PROBLEM: Your answer must be an exact copy of the entries, containing no images.

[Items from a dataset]
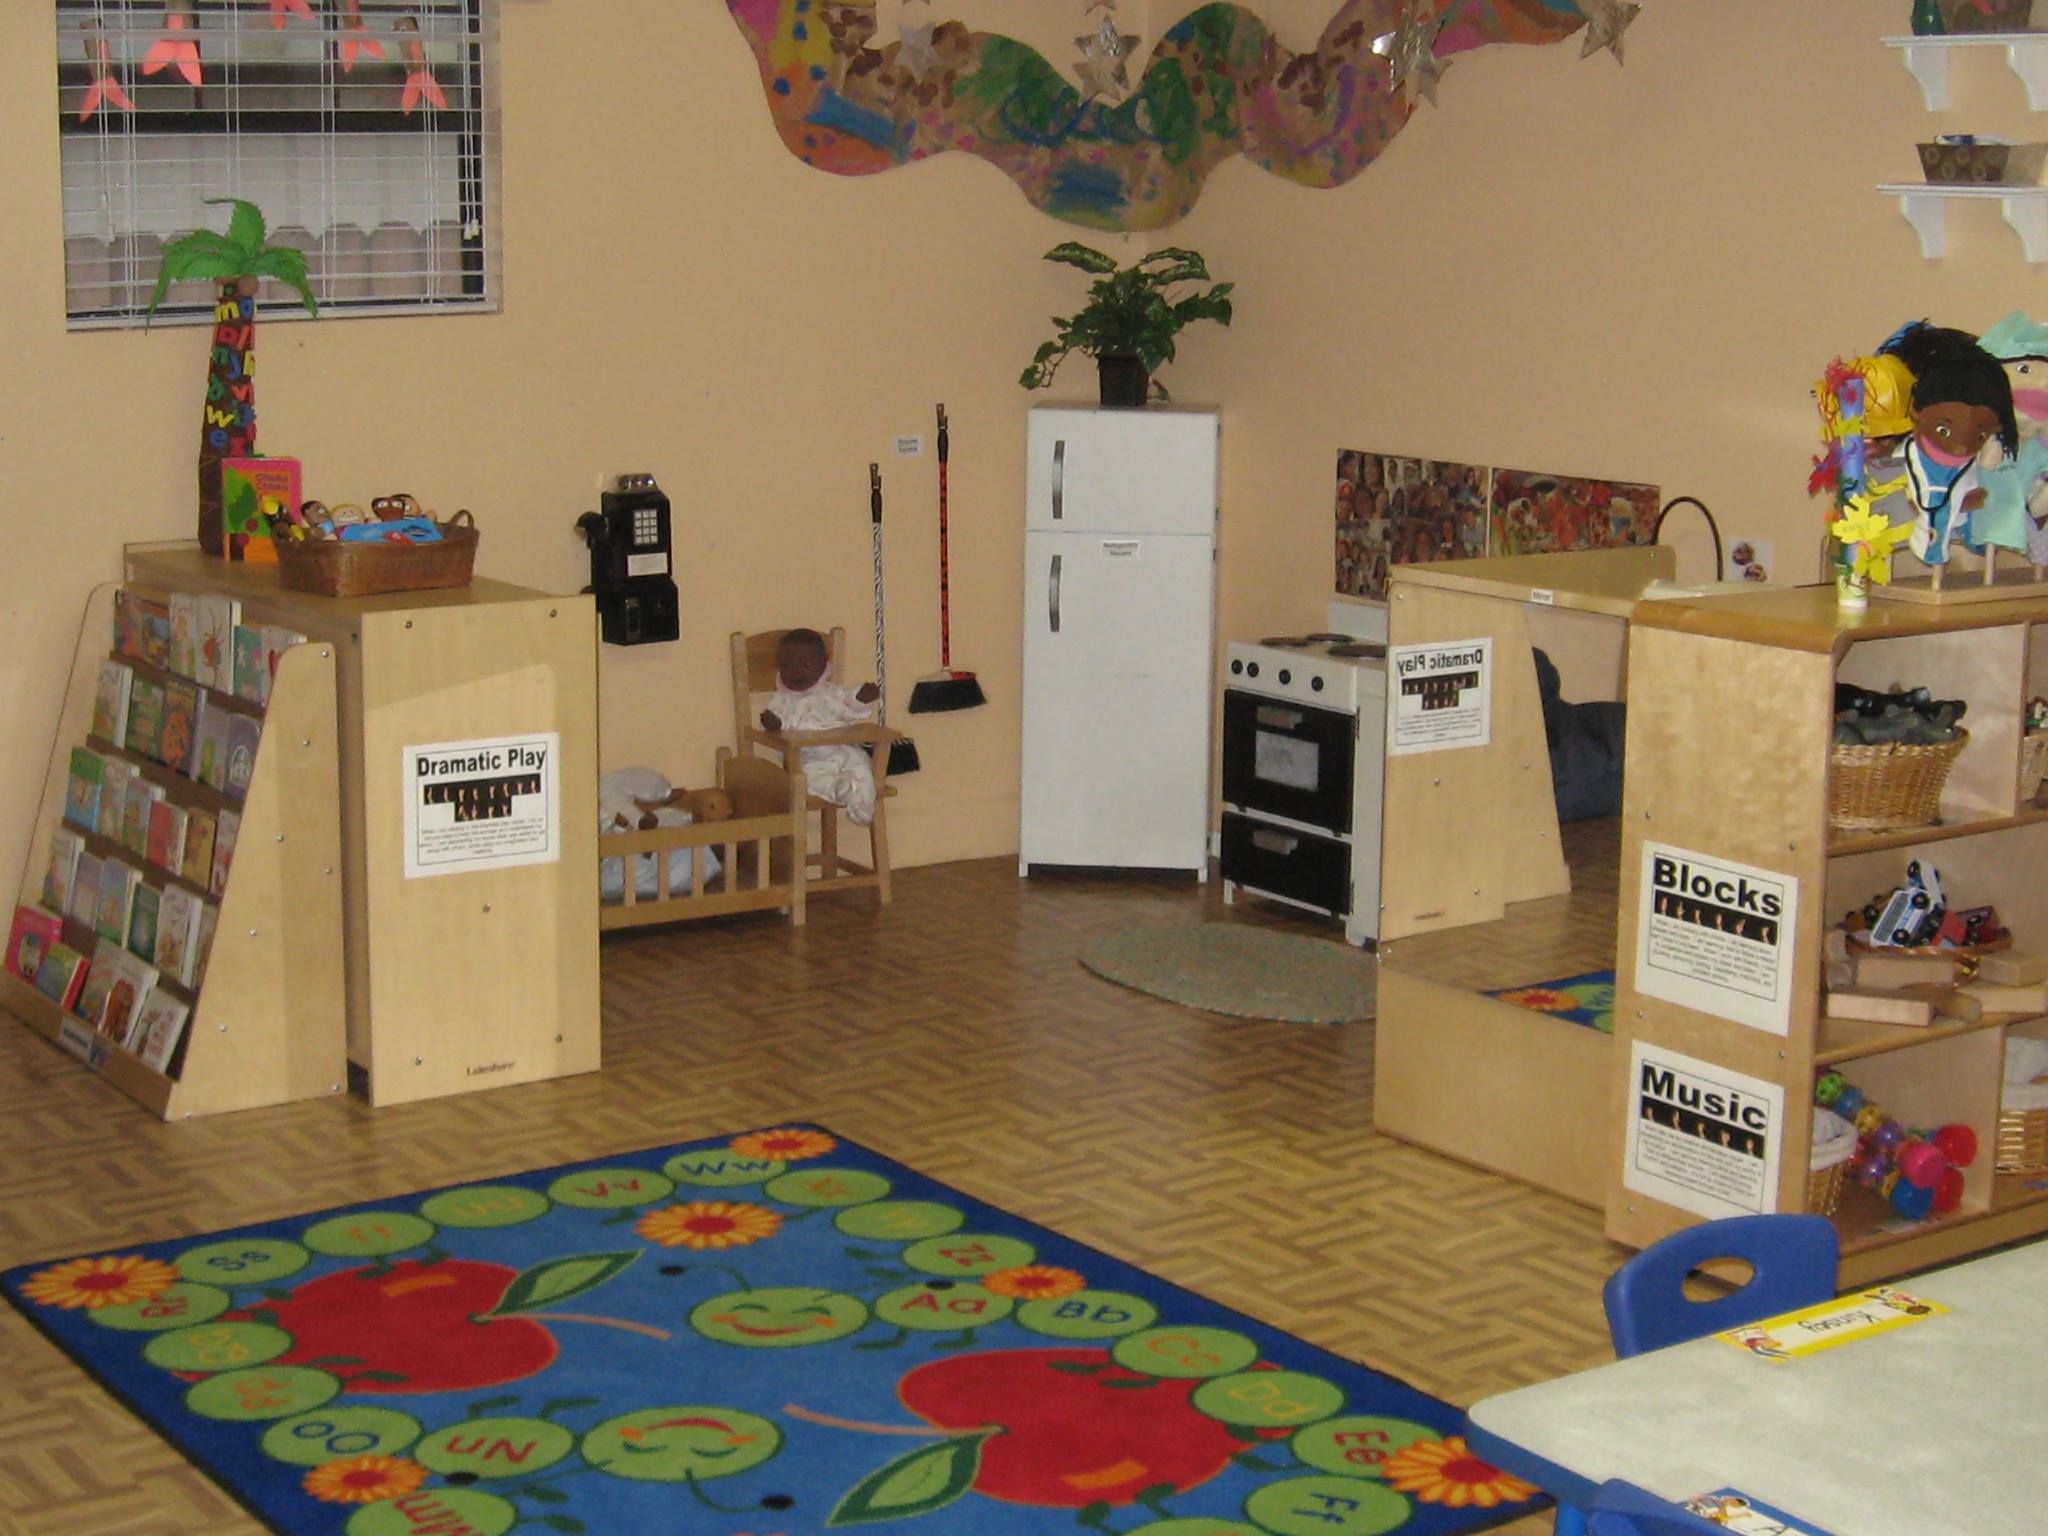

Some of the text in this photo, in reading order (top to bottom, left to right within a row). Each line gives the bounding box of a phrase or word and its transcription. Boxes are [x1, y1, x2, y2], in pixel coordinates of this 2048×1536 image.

[418, 747, 547, 777] Dramatic Play
[1653, 856, 1782, 916] Blocks
[1641, 1064, 1767, 1130] Music
[1052, 1300, 1132, 1324] Bb
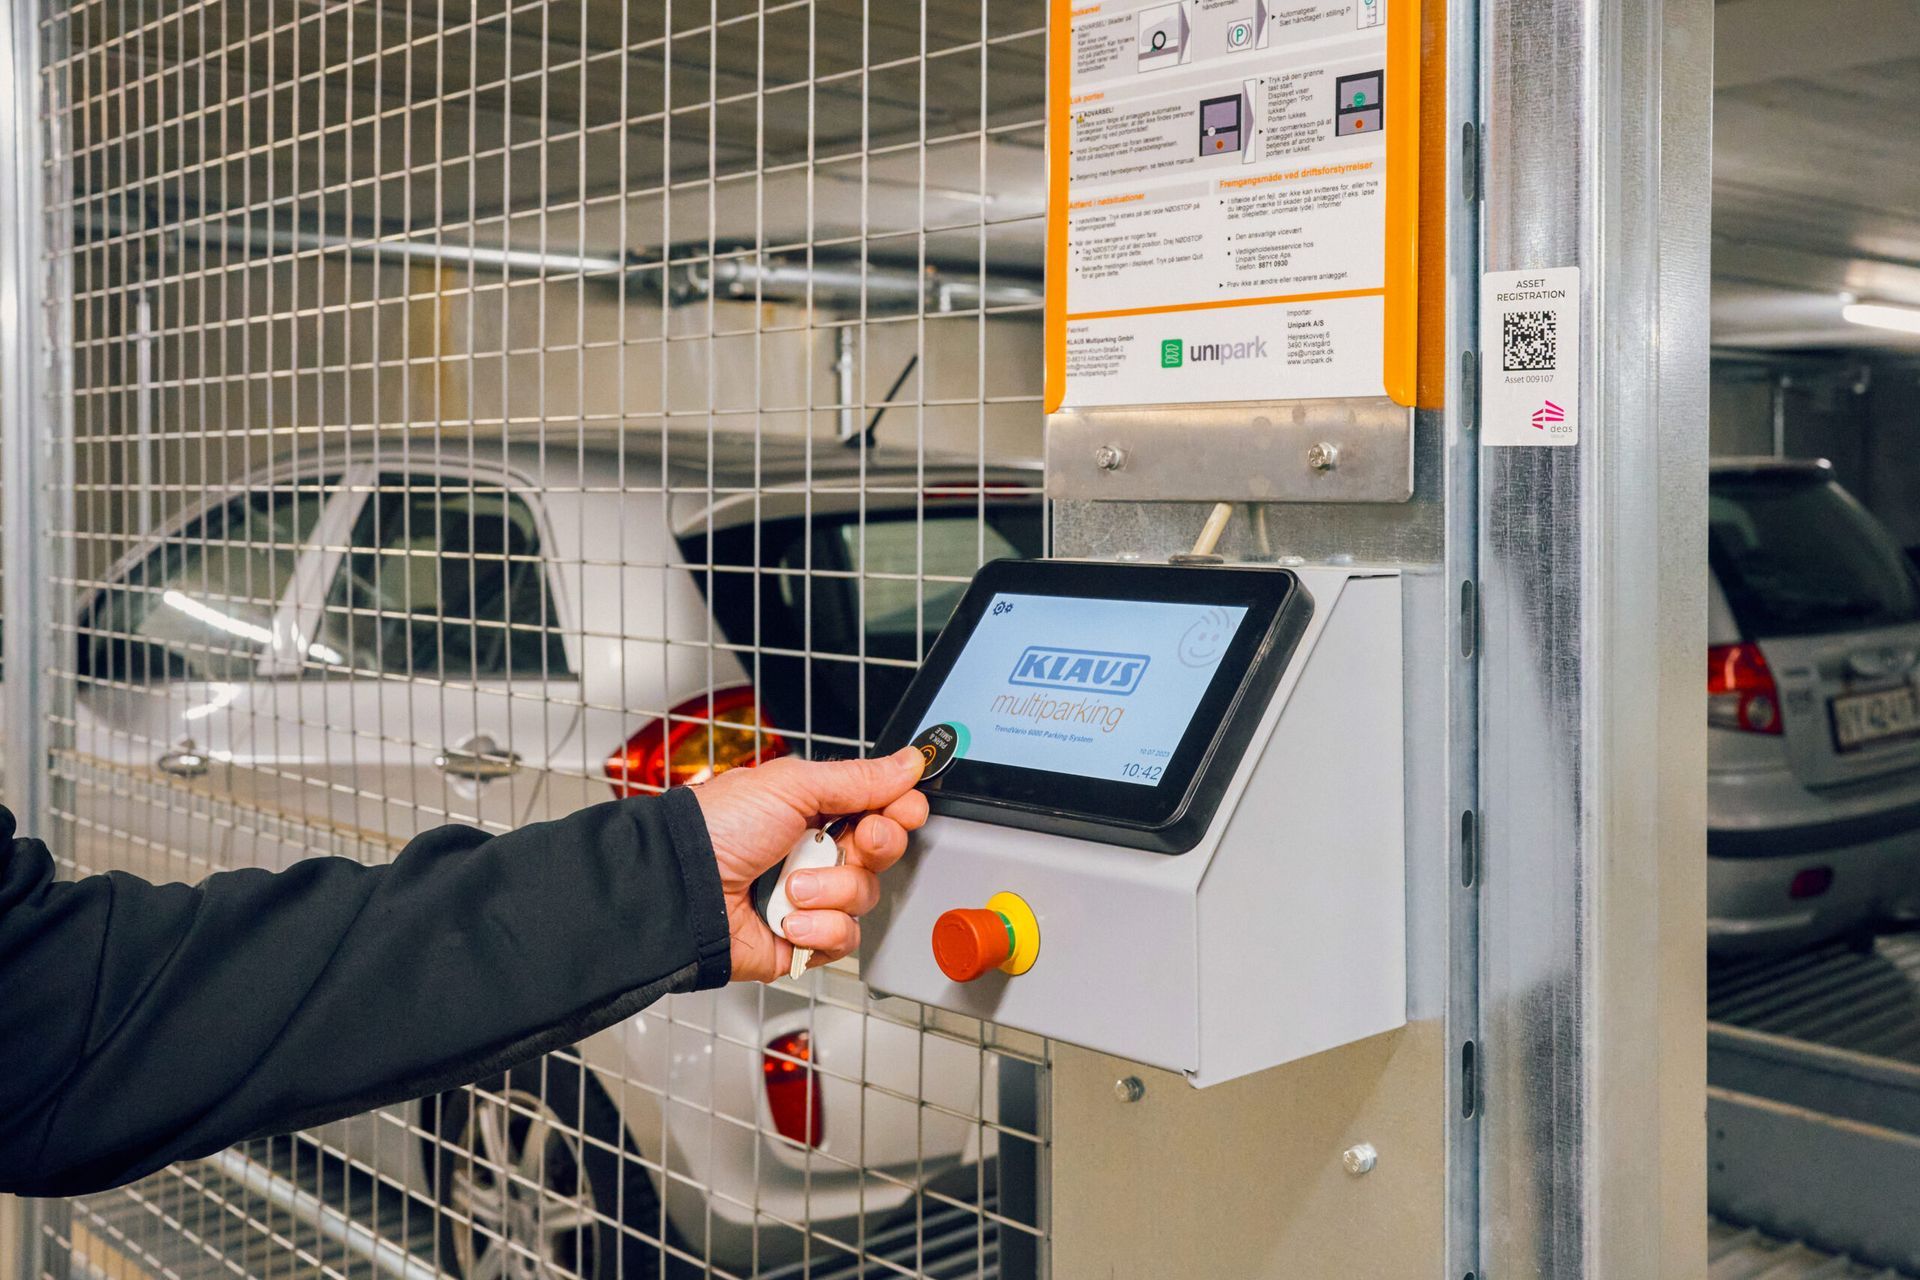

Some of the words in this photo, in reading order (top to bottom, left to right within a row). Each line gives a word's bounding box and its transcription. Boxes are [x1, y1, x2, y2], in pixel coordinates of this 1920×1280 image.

[1268, 75, 1280, 84] Tryk
[1281, 74, 1289, 82] på
[1302, 70, 1323, 79] grønne
[1268, 89, 1294, 99] Displayet
[1266, 132, 1292, 142] anlægget
[1219, 175, 1282, 189] Fremgangsmåde
[1284, 170, 1298, 180] ved
[1301, 161, 1373, 178] driftsforstyrrelser
[1282, 197, 1302, 205] skader
[1303, 196, 1311, 204] på
[1312, 192, 1340, 203] anlægget
[1273, 259, 1288, 267] 0930
[1516, 279, 1546, 289] ASSET
[1497, 290, 1566, 302] REGISTRATION
[1287, 320, 1311, 329] Unipark
[1303, 339, 1330, 348] Kvistgård
[1190, 336, 1268, 365] unipark
[1526, 375, 1554, 383] 009107
[1550, 424, 1573, 433] deas
[1017, 654, 1140, 687] KLAUS
[990, 692, 1124, 732] multiparking
[934, 727, 952, 742] SMILE
[995, 724, 1027, 736] TrendVario
[1044, 730, 1068, 742] Parking
[1069, 734, 1094, 744] System
[932, 736, 948, 750] PARK
[1122, 762, 1162, 780] 10:42
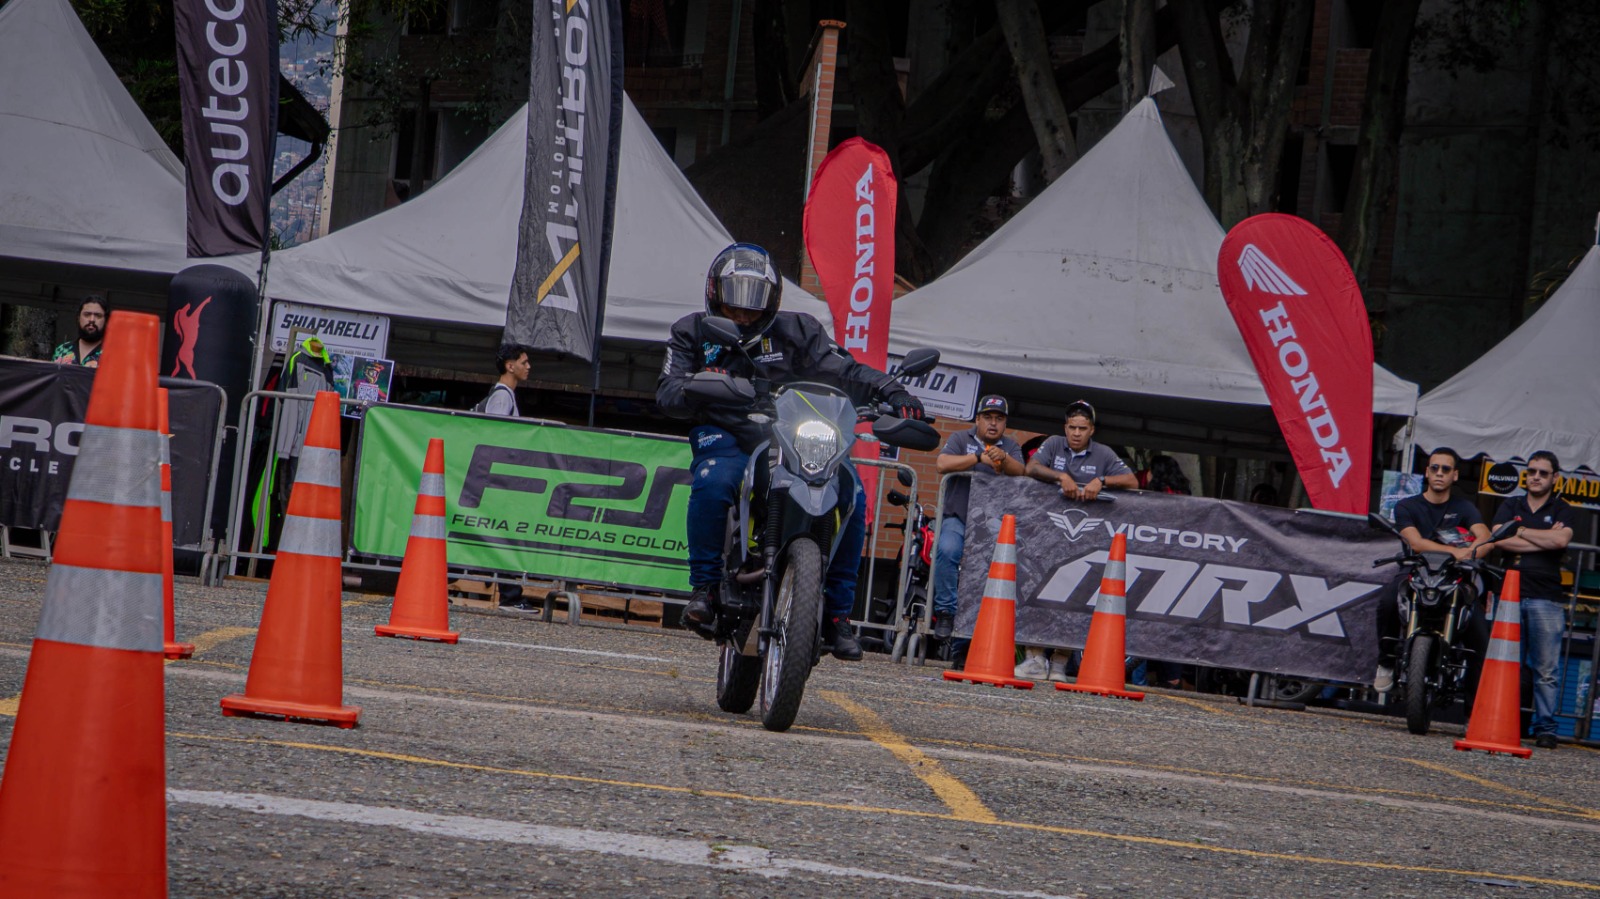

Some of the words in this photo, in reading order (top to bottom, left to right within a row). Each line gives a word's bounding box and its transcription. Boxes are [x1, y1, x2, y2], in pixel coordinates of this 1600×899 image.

[845, 163, 875, 353] HONDA
[281, 313, 379, 340] SHIAPARELLI
[1259, 301, 1352, 489] HONDA
[0, 456, 59, 475] CLE
[1488, 474, 1518, 482] MALVINAS
[452, 514, 509, 532] FERIA
[515, 521, 530, 534] 2
[534, 523, 616, 544] RUEDAS
[1104, 520, 1248, 553] VICTORY

COMPLETED TASK:
Some of the text in this photo, in reading order (top to bottom, left to right within a row). Each line gives the bounding box of a phrase or word and its transcription. Boxes are [x1, y1, x2, y2], in pixel coordinates of this 2048×1536 image.

[418, 747, 547, 777] Dramatic Play
[1653, 856, 1782, 916] Blocks
[1641, 1064, 1767, 1130] Music
[1052, 1300, 1132, 1324] Bb

Some of the words in this photo, in reading order (top to bottom, left to right within a row). Each line gives a word's bounding box and its transcription. Boxes are [x1, y1, x2, y2], in pixel coordinates of this 1920×1280 image.

[1268, 75, 1280, 84] Tryk
[1281, 74, 1289, 82] på
[1302, 70, 1323, 79] grønne
[1268, 89, 1294, 99] Displayet
[1266, 132, 1292, 142] anlægget
[1219, 175, 1282, 189] Fremgangsmåde
[1284, 170, 1298, 180] ved
[1301, 161, 1373, 178] driftsforstyrrelser
[1282, 197, 1302, 205] skader
[1303, 196, 1311, 204] på
[1312, 192, 1340, 203] anlægget
[1273, 259, 1288, 267] 0930
[1516, 279, 1546, 289] ASSET
[1497, 290, 1566, 302] REGISTRATION
[1287, 320, 1311, 329] Unipark
[1303, 339, 1330, 348] Kvistgård
[1190, 336, 1268, 365] unipark
[1526, 375, 1554, 383] 009107
[1550, 424, 1573, 433] deas
[1017, 654, 1140, 687] KLAUS
[990, 692, 1124, 732] multiparking
[934, 727, 952, 742] SMILE
[995, 724, 1027, 736] TrendVario
[1044, 730, 1068, 742] Parking
[1069, 734, 1094, 744] System
[932, 736, 948, 750] PARK
[1122, 762, 1162, 780] 10:42

Some of the words in this photo, in reading order (top to bottom, left to right within a row). Each line gives a word's bounding box and its transcription. Boxes are [x1, y1, x2, y2], in pixel coordinates of this 1600×899 image.

[845, 163, 875, 353] HONDA
[281, 313, 379, 340] SHIAPARELLI
[1259, 301, 1352, 489] HONDA
[0, 456, 59, 475] CLE
[1488, 474, 1518, 482] MALVINAS
[452, 514, 509, 532] FERIA
[515, 521, 530, 534] 2
[534, 523, 616, 544] RUEDAS
[1104, 520, 1248, 553] VICTORY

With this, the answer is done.